By Nicole Jao
NEW YORK (Reuters) -Oil prices fell on Friday, posting their biggest weekly loss in three months, as investors factored in weak U.S. employment data and the possible timing of a Federal Reserve interest rate cut.
July futures were down 71 cents, or 0.85%, at $82.96 a barrel. U.S. West Texas Intermediate crude fell 84 cents, or 1.06%, to $78.11 a barrel in June.
Investors were concerned that higher borrowing costs would slow economic growth for an extended period in the US, the world’s biggest oil consumer, after the Federal Reserve decided this week to keep interest rates steady.
Brent fell more than 7% this week, while WTI fell 6.8%.
U.S. job growth slowed more than expected in April and annual wage growth cooled, data showed on Friday.

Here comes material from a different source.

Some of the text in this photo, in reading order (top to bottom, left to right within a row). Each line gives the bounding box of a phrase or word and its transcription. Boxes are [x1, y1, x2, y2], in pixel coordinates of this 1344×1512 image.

This prompted traders to bet that the US central bank will make its first interest rate cut in September this year.
“The economy is slowing down a bit,” said Tim Snyder, economist at Matador Economics. “But (the data) indicates a path forward for the Fed to make at least one rate cut this year,” he said.

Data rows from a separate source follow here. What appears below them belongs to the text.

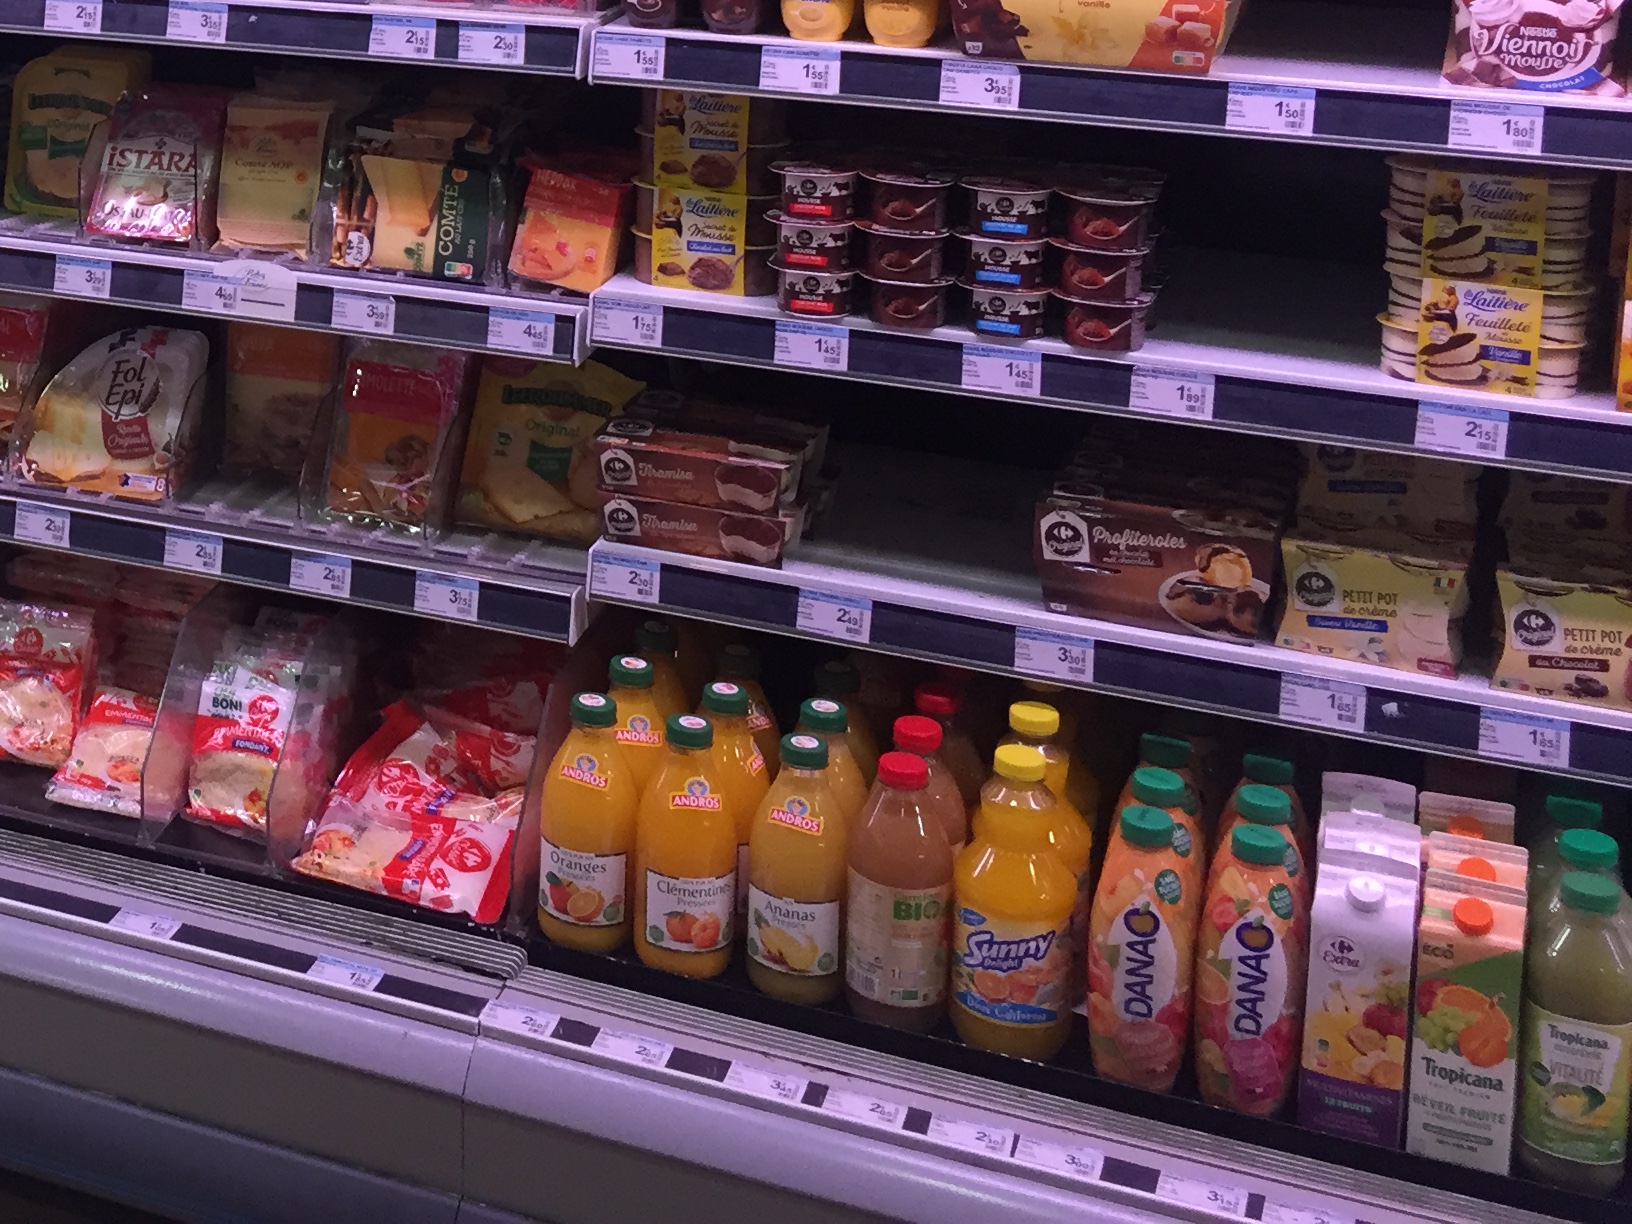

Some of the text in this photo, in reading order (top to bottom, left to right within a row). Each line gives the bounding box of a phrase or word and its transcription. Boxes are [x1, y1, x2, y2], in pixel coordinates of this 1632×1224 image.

[1078, 0, 1111, 9] vanille
[439, 185, 459, 255] COMTÉ
[111, 356, 147, 383] Fol
[105, 383, 143, 420] Epi
[1092, 526, 1187, 551] Profiteroles
[1342, 590, 1400, 607] PETIT POT
[1563, 627, 1623, 645] PETIT POT
[561, 766, 608, 789] ANDROS
[672, 794, 721, 810] ANDROS
[771, 807, 822, 833] ANDROS
[549, 851, 607, 875] Oranges
[765, 899, 816, 924] Ananas
[966, 930, 1056, 965] Sunny
[1125, 907, 1161, 1018] DANAO
[1234, 920, 1275, 1036] DANAO
[1547, 1024, 1610, 1050] Tropicana
[1421, 1057, 1504, 1092] Tropicana

The Fed held rates steady this week and signaled high inflation rates that could delay rate cuts. Higher rates tend to weigh on the economy and can reduce demand for oil.

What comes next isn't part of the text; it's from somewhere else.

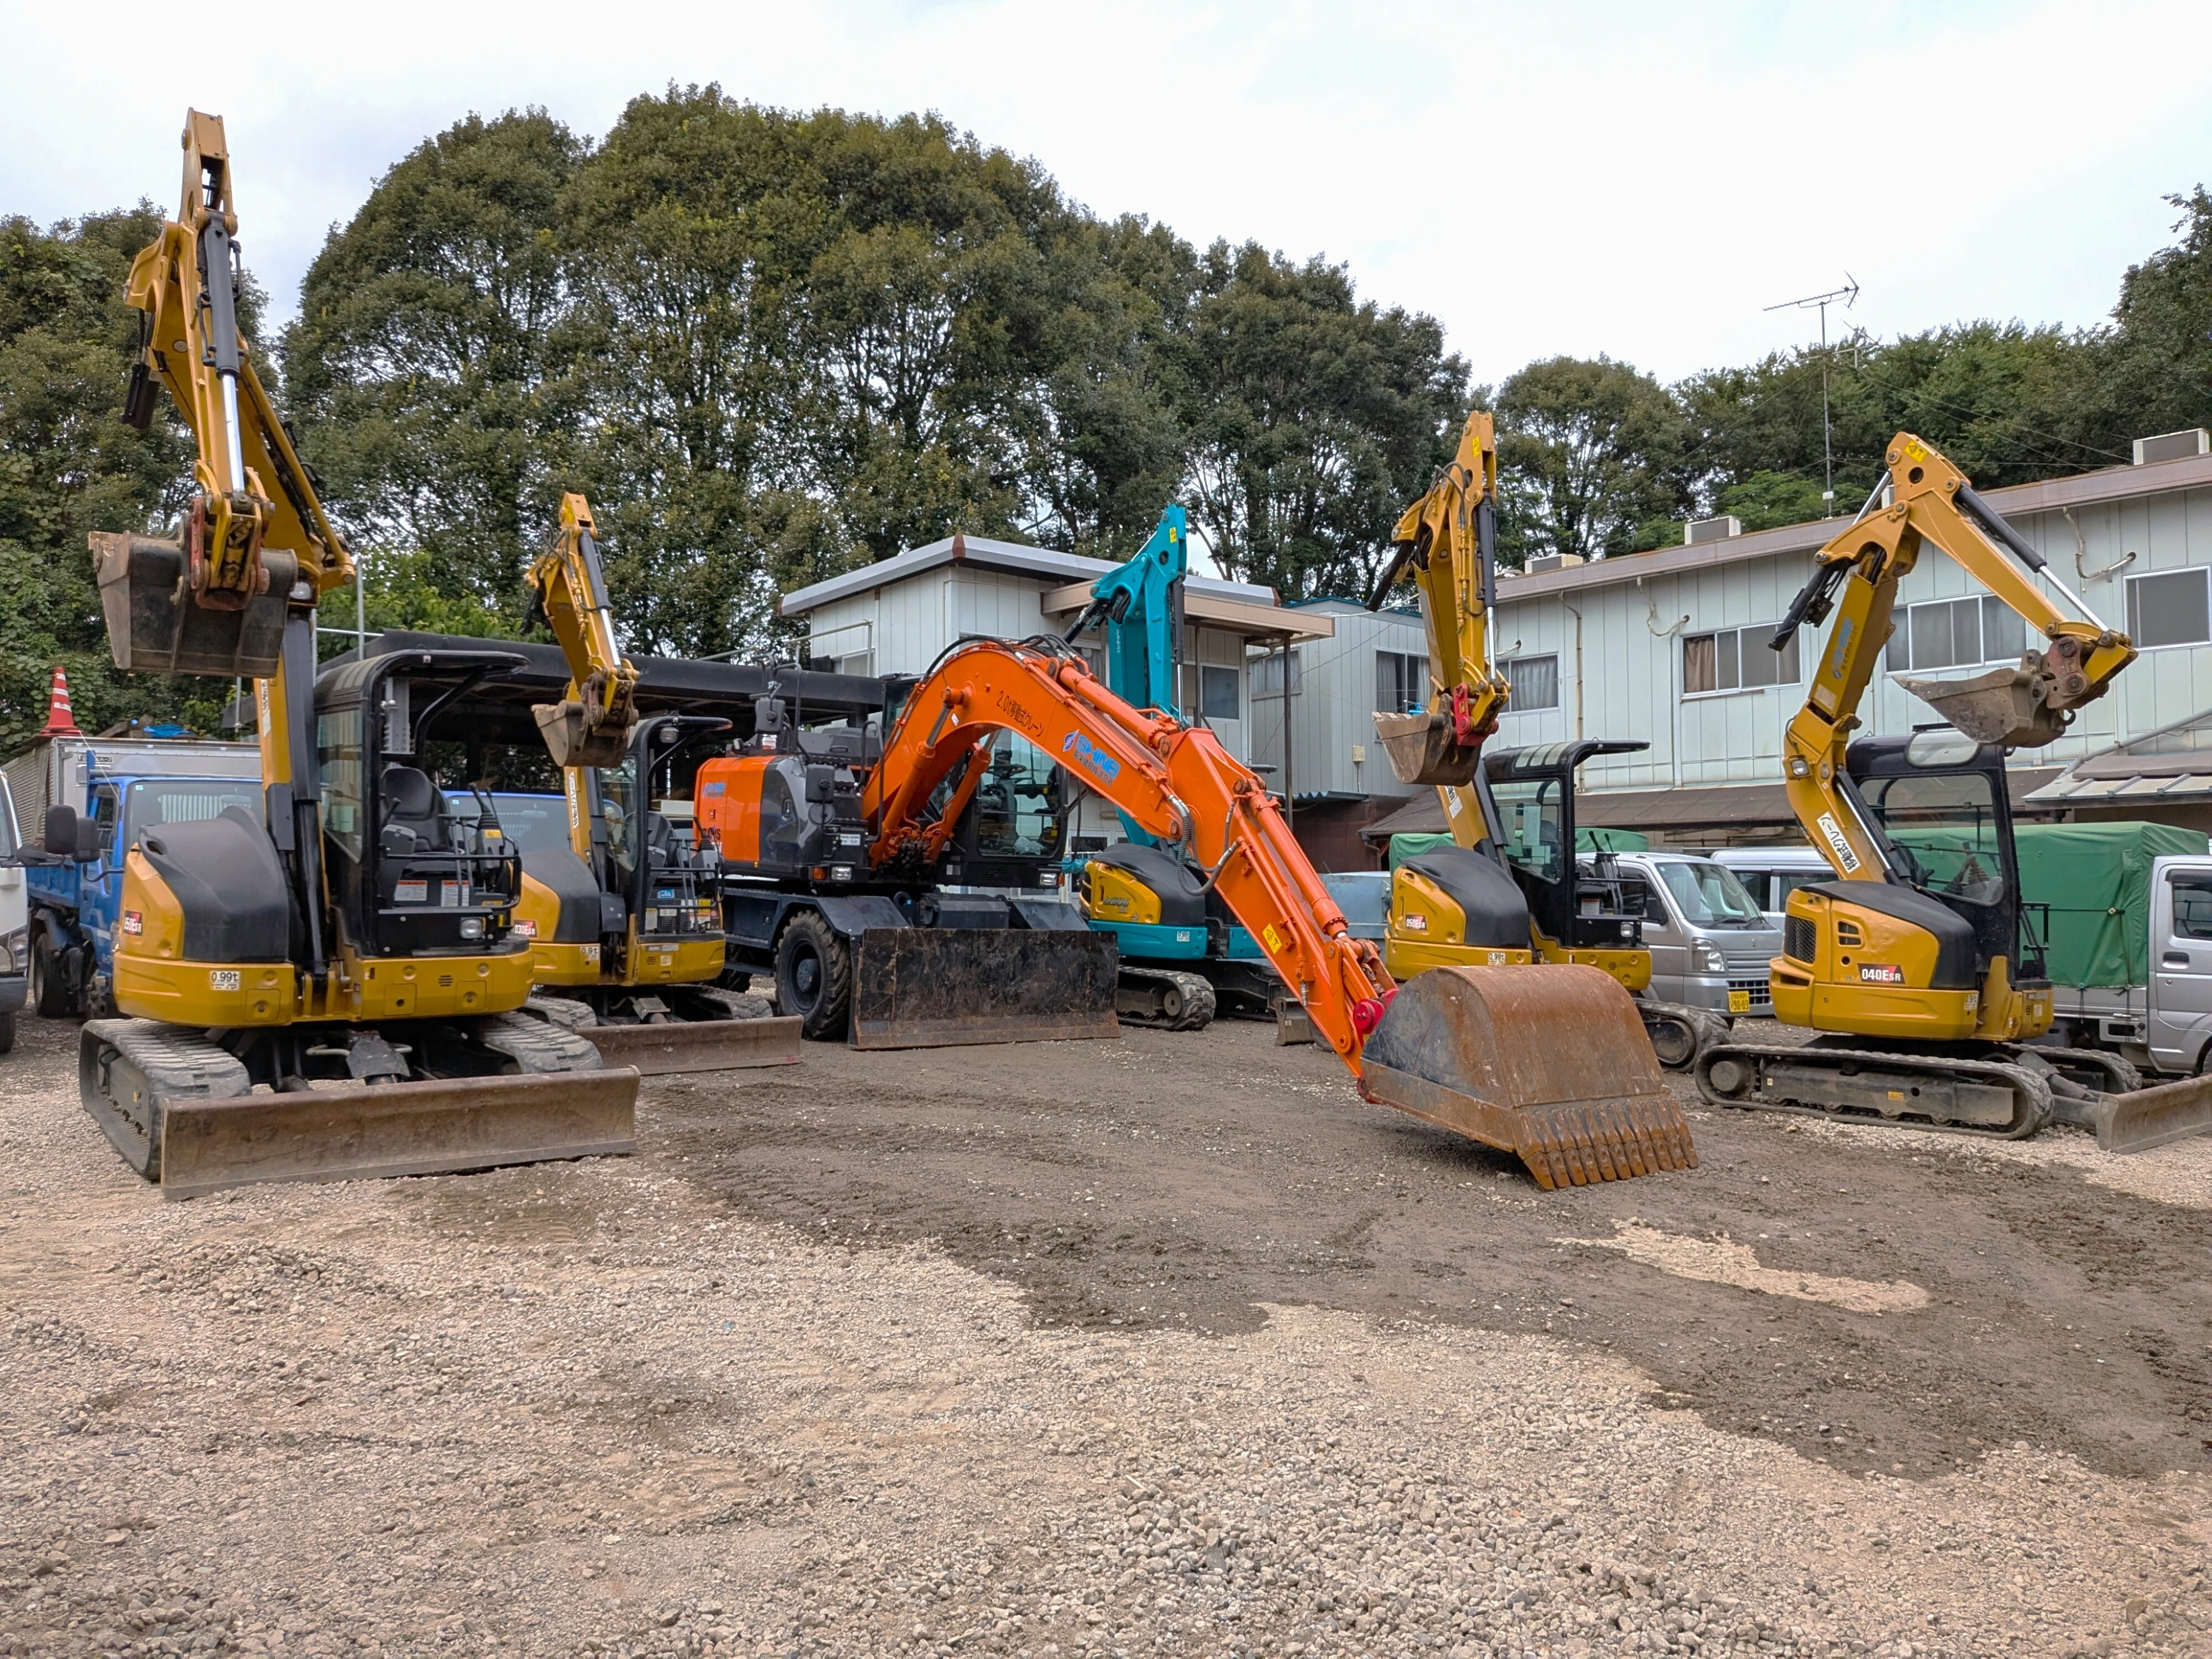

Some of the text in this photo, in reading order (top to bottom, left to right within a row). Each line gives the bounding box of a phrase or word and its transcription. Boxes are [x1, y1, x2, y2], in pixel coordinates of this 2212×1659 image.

[1820, 817, 1858, 870] 移動式クレーン
[211, 972, 238, 982] 0.99t
[1861, 968, 1901, 982] 040ESR

The market is revaluing the expected timing of possible rate cuts after the release of softer-than-expected monthly jobs data, said Giovanni Staunovo, an analyst at UBS.
U.S. energy companies this week cut the number of oil and drilling rigs in operation for the second week in a row to the lowest level since January 2022, Baker Hughes said Friday in its closely watched report.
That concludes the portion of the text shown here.